Keywords: pharmacist roles, adherence, older adults, medication management, quality of life, medication use
1. Introduction
Community pharmacists generally see patients with chronic medical conditions at least monthly, at the time medications are refilled. This regular interaction places pharmacists in a unique position to monitor and manage medications for older adults. Furthermore, extensive training in pharmacotherapy and patient communication uniquely prepares pharmacists to play a vital role in minimizing medication-related problems. Pharmacist interventions can improve patient drug knowledge and adherence [1]; however, little is known about the population that participates in pharmacist interventions, and this is especially true in the older adult population.

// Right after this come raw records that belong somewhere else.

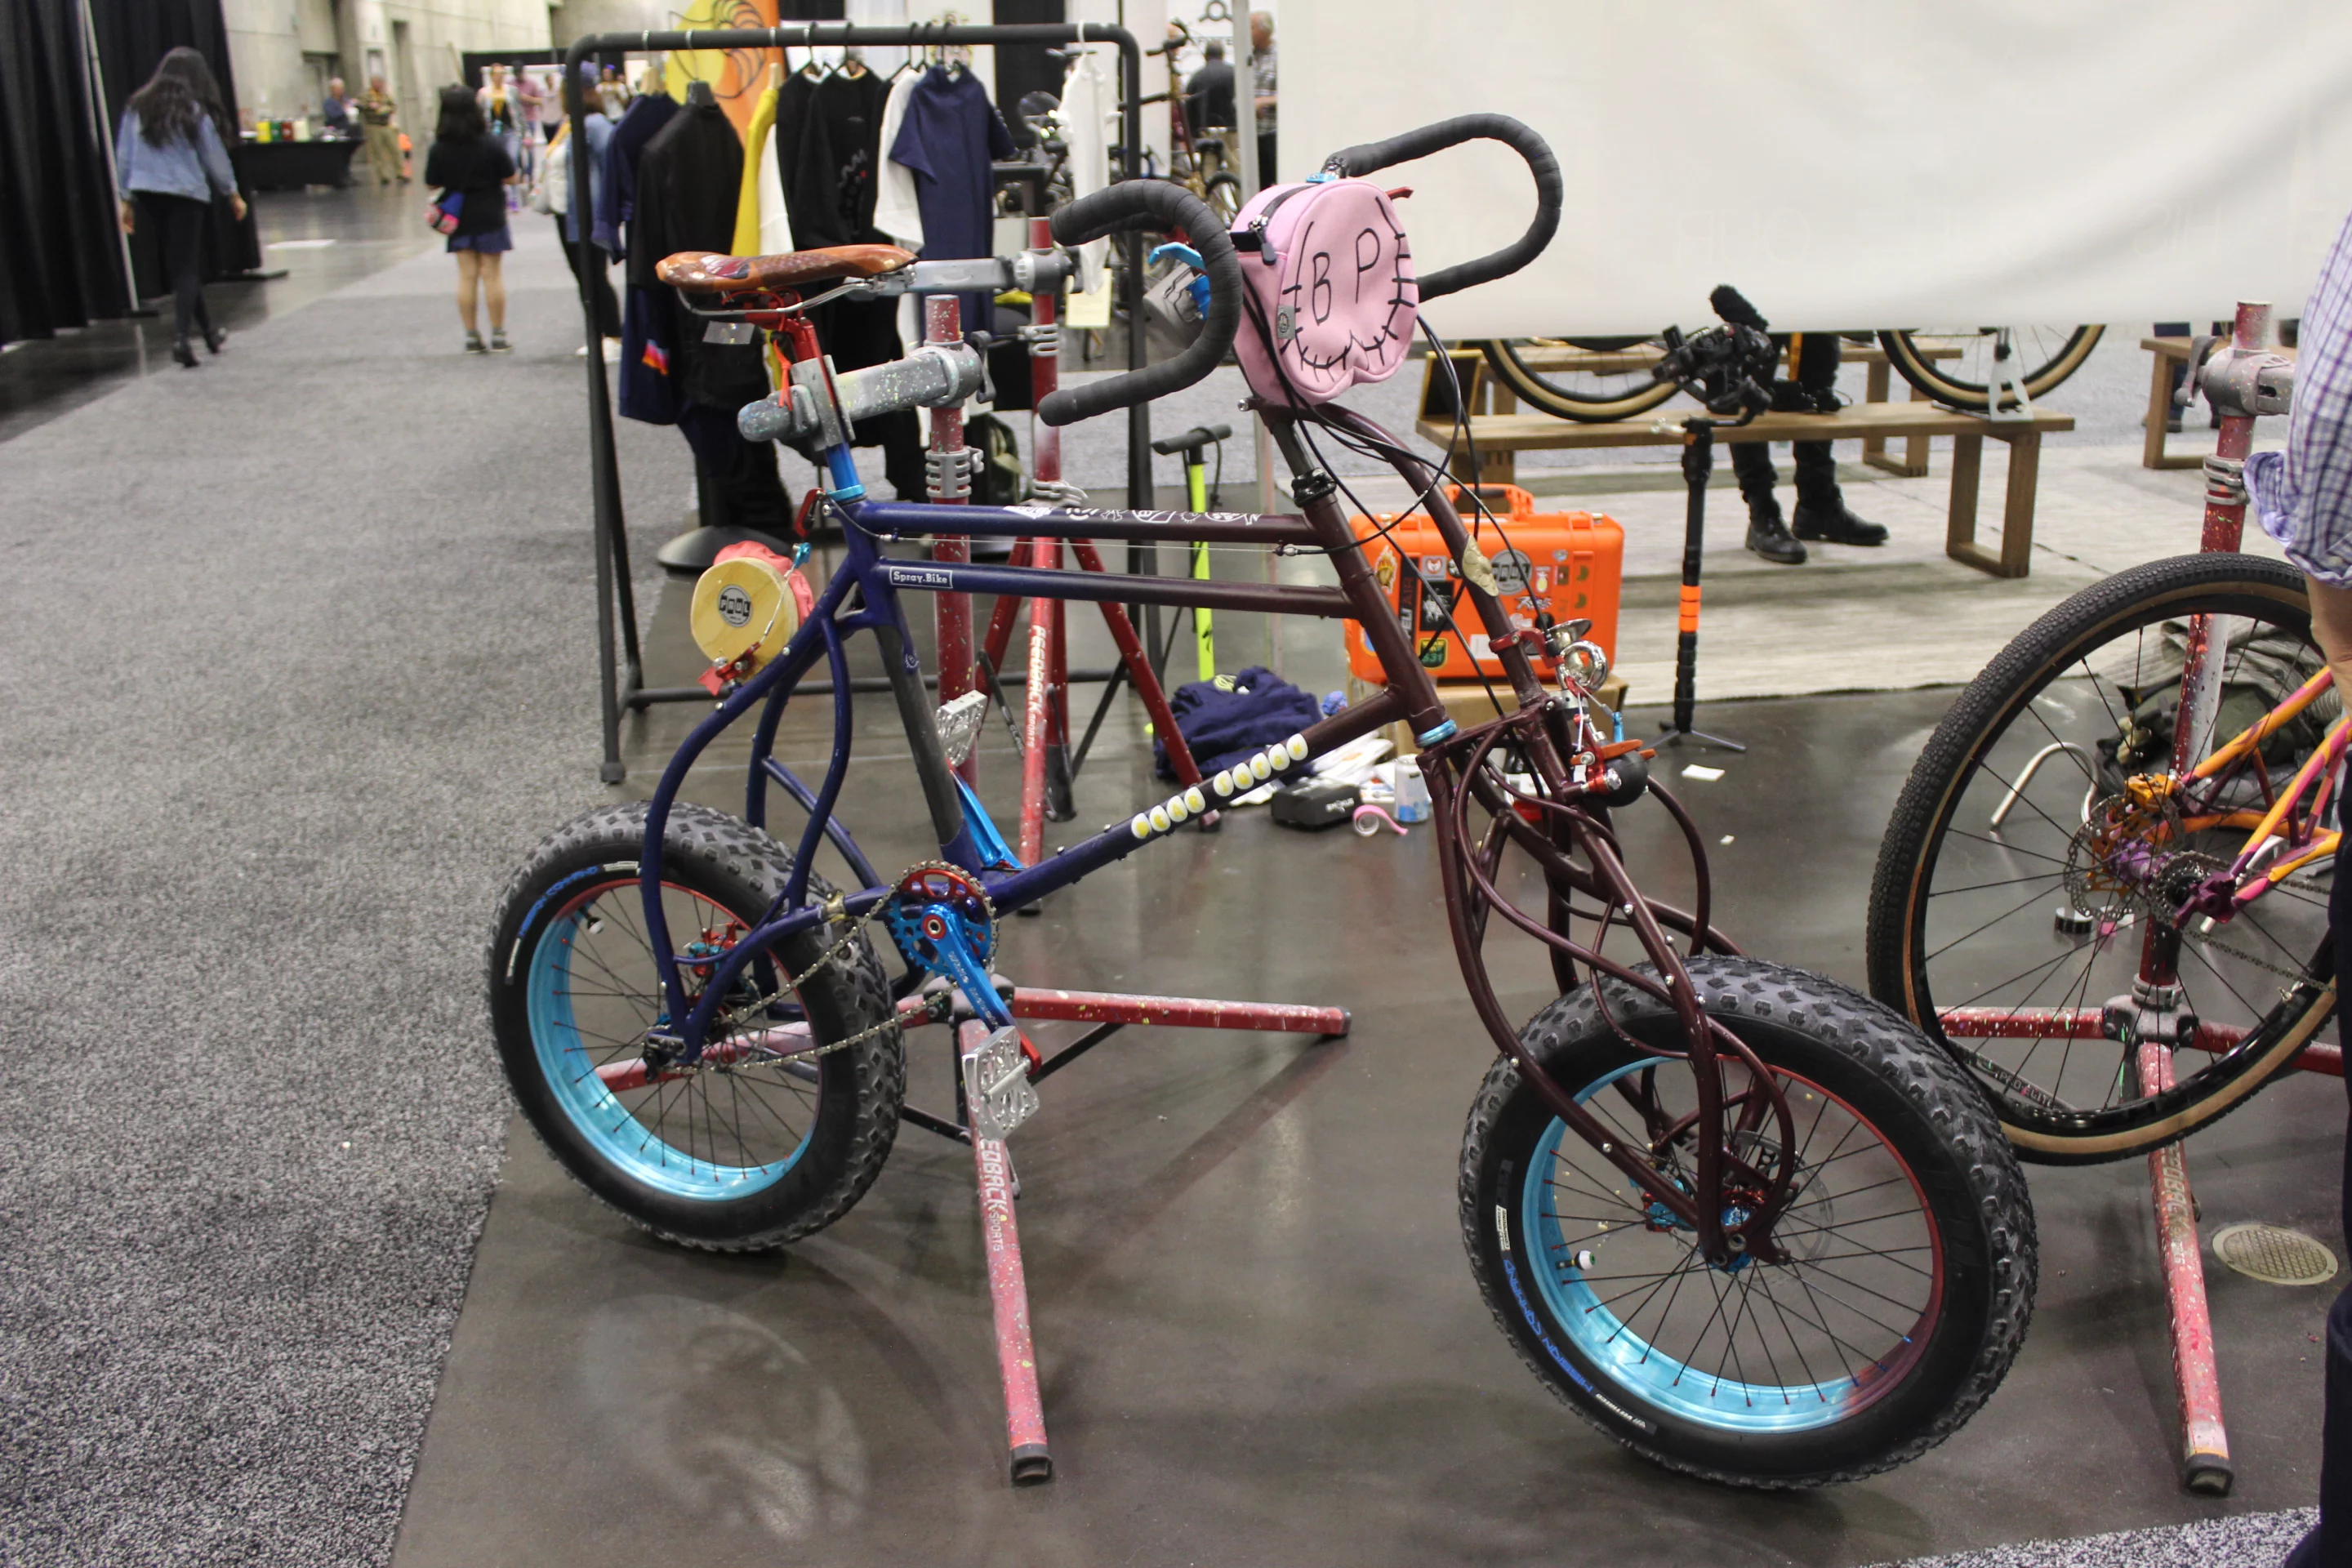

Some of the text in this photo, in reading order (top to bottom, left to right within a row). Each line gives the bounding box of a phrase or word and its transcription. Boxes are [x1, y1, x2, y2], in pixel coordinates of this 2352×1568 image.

[719, 595, 751, 617] PAUL
[893, 570, 948, 583] Spray.Bike
[1027, 625, 1047, 715] FEEDBACK
[979, 1137, 1009, 1252] EDBACK SPORTS
[2160, 1140, 2192, 1232] EEDBACK
[1503, 1258, 1544, 1336] COMMAND
[1541, 1337, 1594, 1393] MISSION

A systematic review evaluating pharmacist interventions to optimize medication use in nursing home settings provided equivocal results [2]. Reviews assessing pharmacist interventions with older patients to improve health outcomes, QOL, adherence, and cost-effective care also provide mixed findings and suggest further research is needed [3,4]. Despite findings from these systematic reviews, it is clear that regular interaction and medication management provide pharmacists with the opportunity to circumvent many drug therapy problems in older adults, thereby easing patient, family, and caregiver burden. Drug therapy problems can be categorized into seven areas: unnecessary drug therapy, need of additional drug therapy, ineffective drug therapy, too low a dosage, too high a dosage, adverse drug reactions, and non-compliance [5]. Polypharmacy and drug therapy problems have been linked with poor health outcomes. For example, patients who have more medications in their home are more likely to have increased severity of their illnesses and are at higher risk for therapeutic duplications [6].

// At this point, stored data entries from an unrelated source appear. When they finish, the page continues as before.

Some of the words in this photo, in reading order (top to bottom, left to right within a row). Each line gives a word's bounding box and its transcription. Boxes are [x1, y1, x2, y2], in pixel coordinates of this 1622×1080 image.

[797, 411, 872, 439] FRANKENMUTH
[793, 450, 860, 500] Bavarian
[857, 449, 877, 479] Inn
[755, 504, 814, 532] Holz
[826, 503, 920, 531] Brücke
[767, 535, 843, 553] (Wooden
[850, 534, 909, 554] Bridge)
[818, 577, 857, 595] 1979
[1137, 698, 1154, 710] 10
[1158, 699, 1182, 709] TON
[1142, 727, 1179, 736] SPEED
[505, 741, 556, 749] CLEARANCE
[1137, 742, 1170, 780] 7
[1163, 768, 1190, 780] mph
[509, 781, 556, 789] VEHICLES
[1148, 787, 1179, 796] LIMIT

Humanistic parameters, such as quality of life, have been evaluated as predictors of outcomes in the older population. Health-related quality of life surveys, such as the Short Form (SF)-12 and SF-36, have been shown to be independent predictors of hospitalization and mortality [7]. These self-reported surveys provide specific feedback on patients’ physical and mental performance; a decline in these performances has been linked to a change in health status and predicts future adverse events [8].
Medication non-adherence has also been associated with poor health outcomes including disease progression and increased costs [9]. Research has demonstrated that a comprehensive program provided by pharmacists, including blister-packed medications, is associated with substantial improvements in medication adherence among older adults resulting in meaningful improvements in health [10]. Estimates of non-adherence in the older adult vary from 40% to 75%, and there are still many unanswered questions as to the most effective pharmacist-based intervention for promoting medication adherence [11].

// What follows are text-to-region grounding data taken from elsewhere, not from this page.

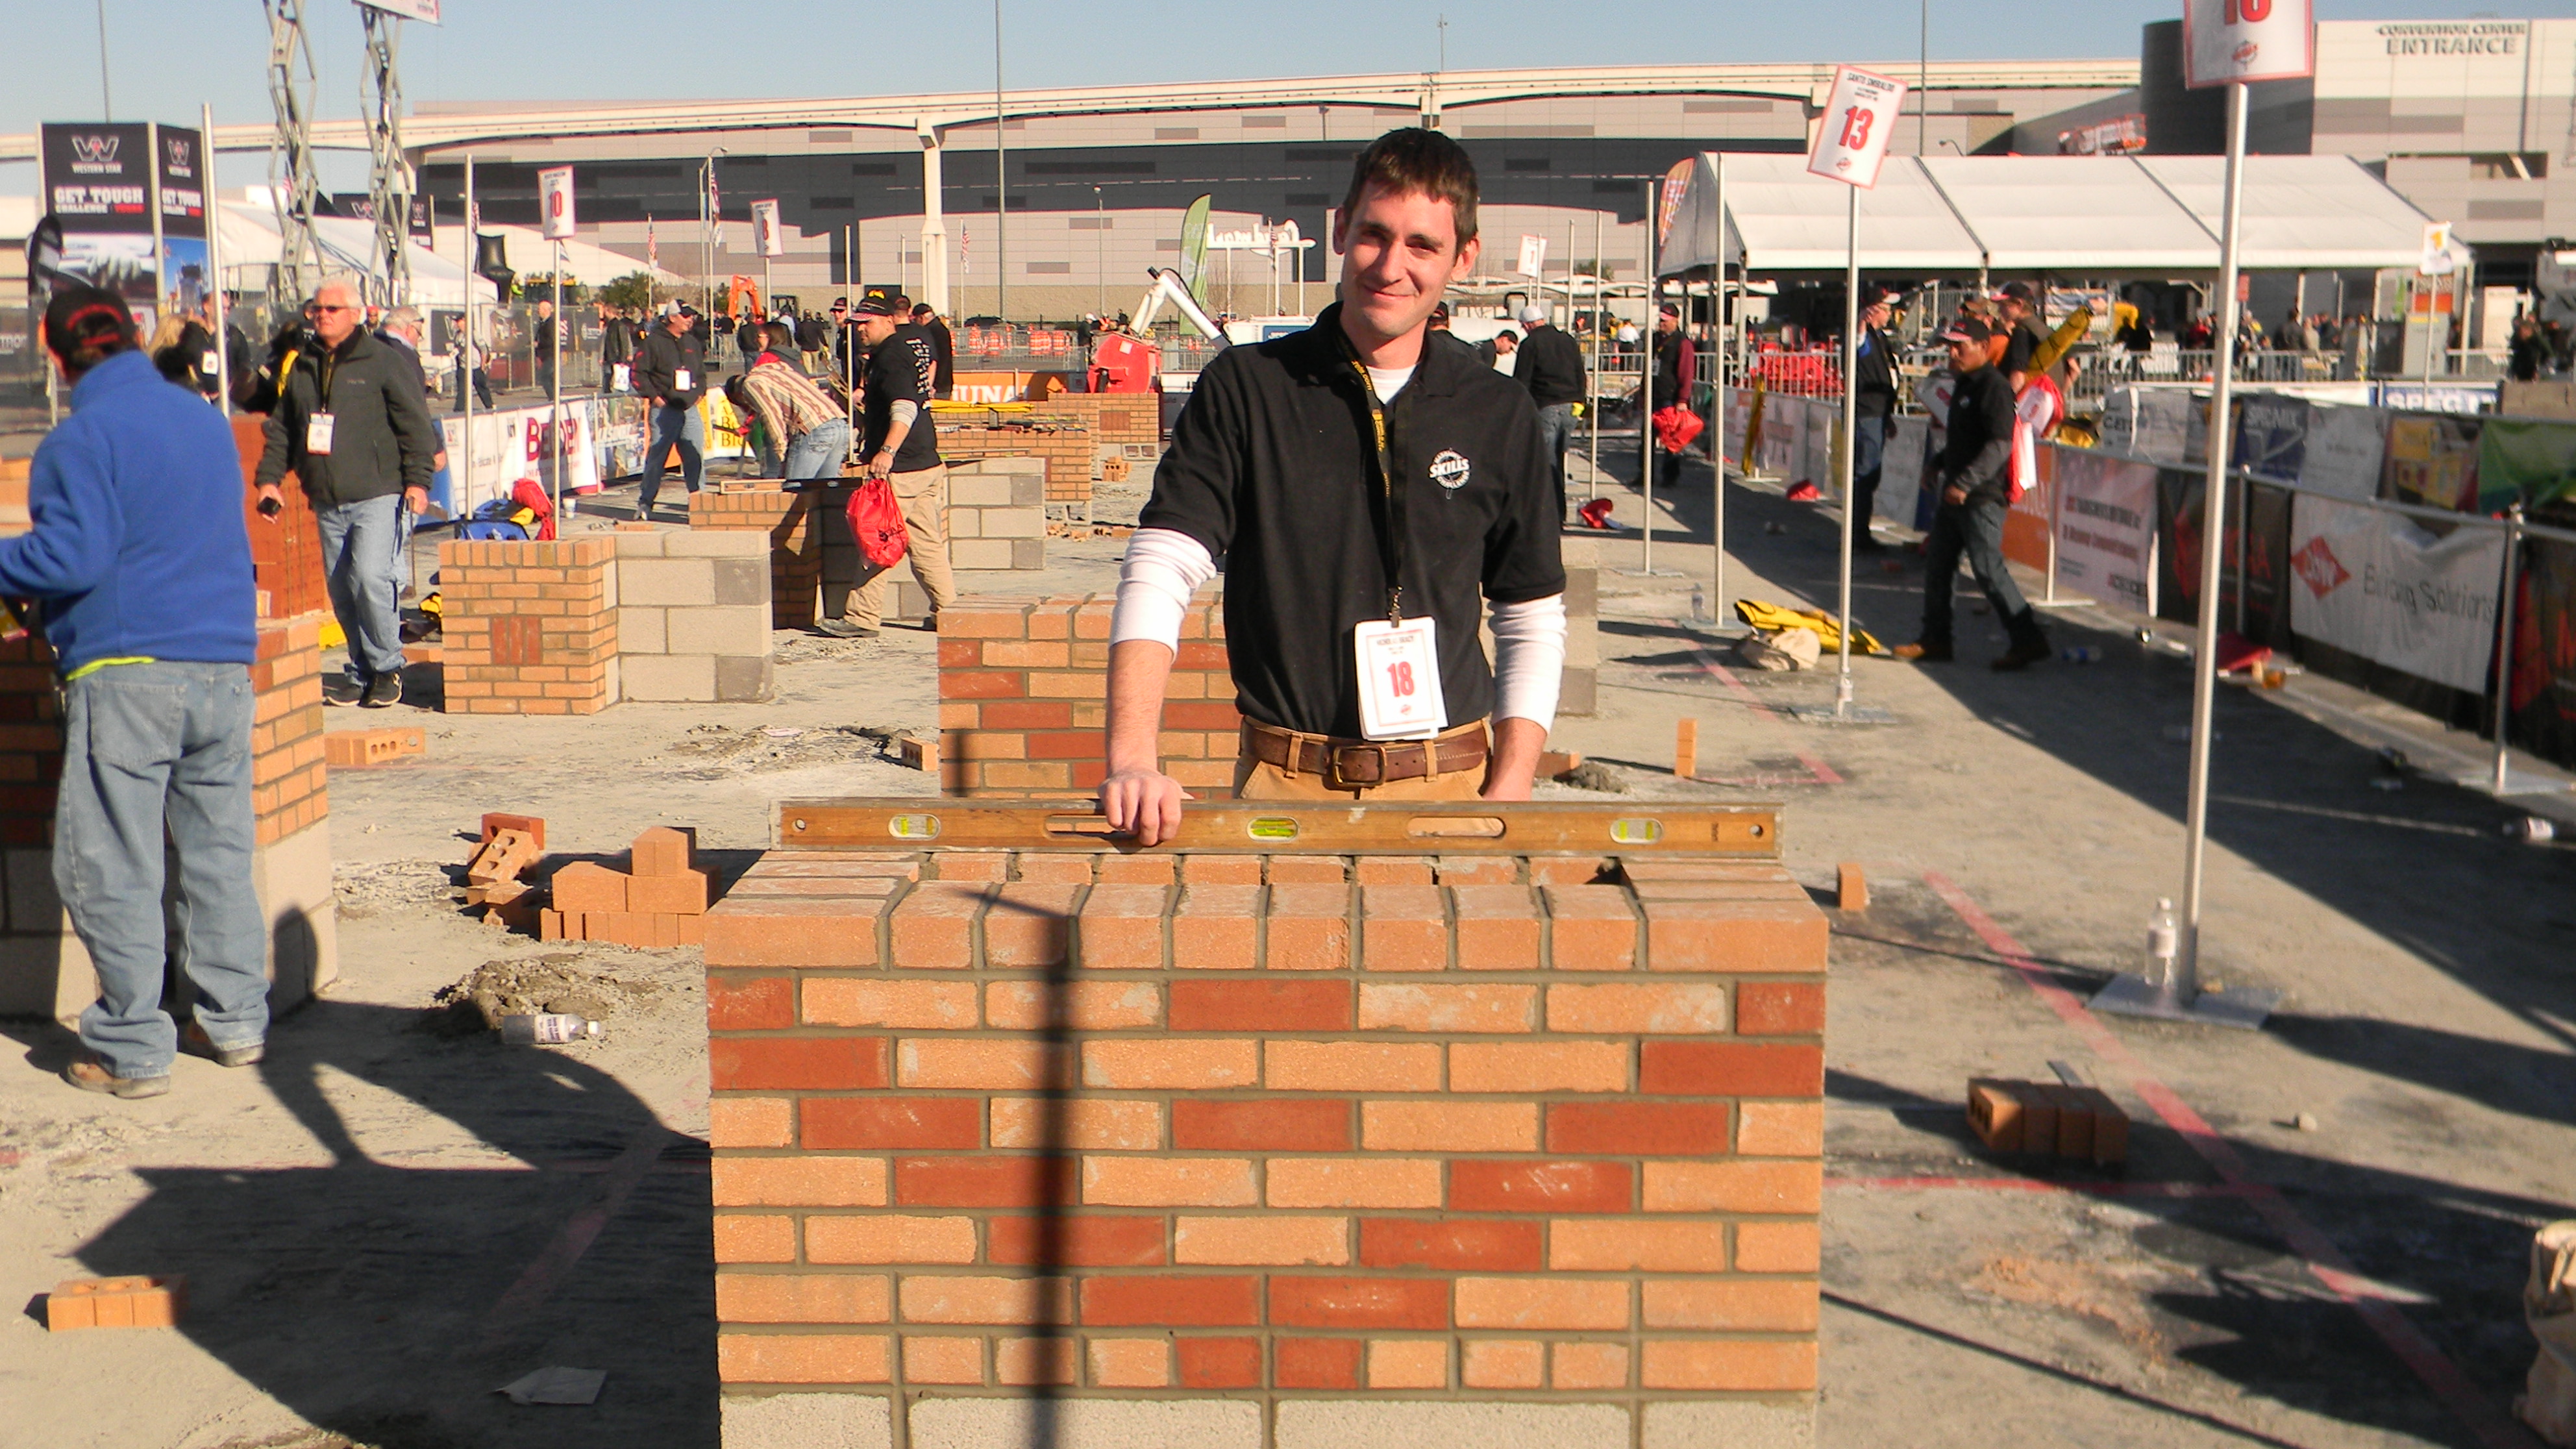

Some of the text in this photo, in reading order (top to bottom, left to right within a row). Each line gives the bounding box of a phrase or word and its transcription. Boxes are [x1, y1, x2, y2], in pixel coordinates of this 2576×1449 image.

[2375, 23, 2525, 36] CONVENTION CENTER
[2386, 37, 2517, 55] ENTRANCE
[1839, 105, 1874, 150] 13
[105, 162, 122, 174] STAR
[55, 186, 143, 204] GET TOUGH
[549, 190, 562, 219] 10
[1429, 458, 1470, 478] SKILLS
[1387, 661, 1415, 697] 18

Unfortunately, a non-invasive “gold standard” for measuring adherence is unavailable. A recent study in the United Kingdom compared three common methods for measuring adherence (electronic monitoring, pill counts, and self-report) in older adults and found substantial differences between the three methods. The use of pill counts and self-reported surveys tended to correlate better with adherence rates than prescription-bottle caps equipped with an electronic monitor that recorded when the bottles were opened. However, the inconsistency with the electronic record in the study has been postulated to be related to the varying patterns of bottle opening versus the number of pills taken out [12].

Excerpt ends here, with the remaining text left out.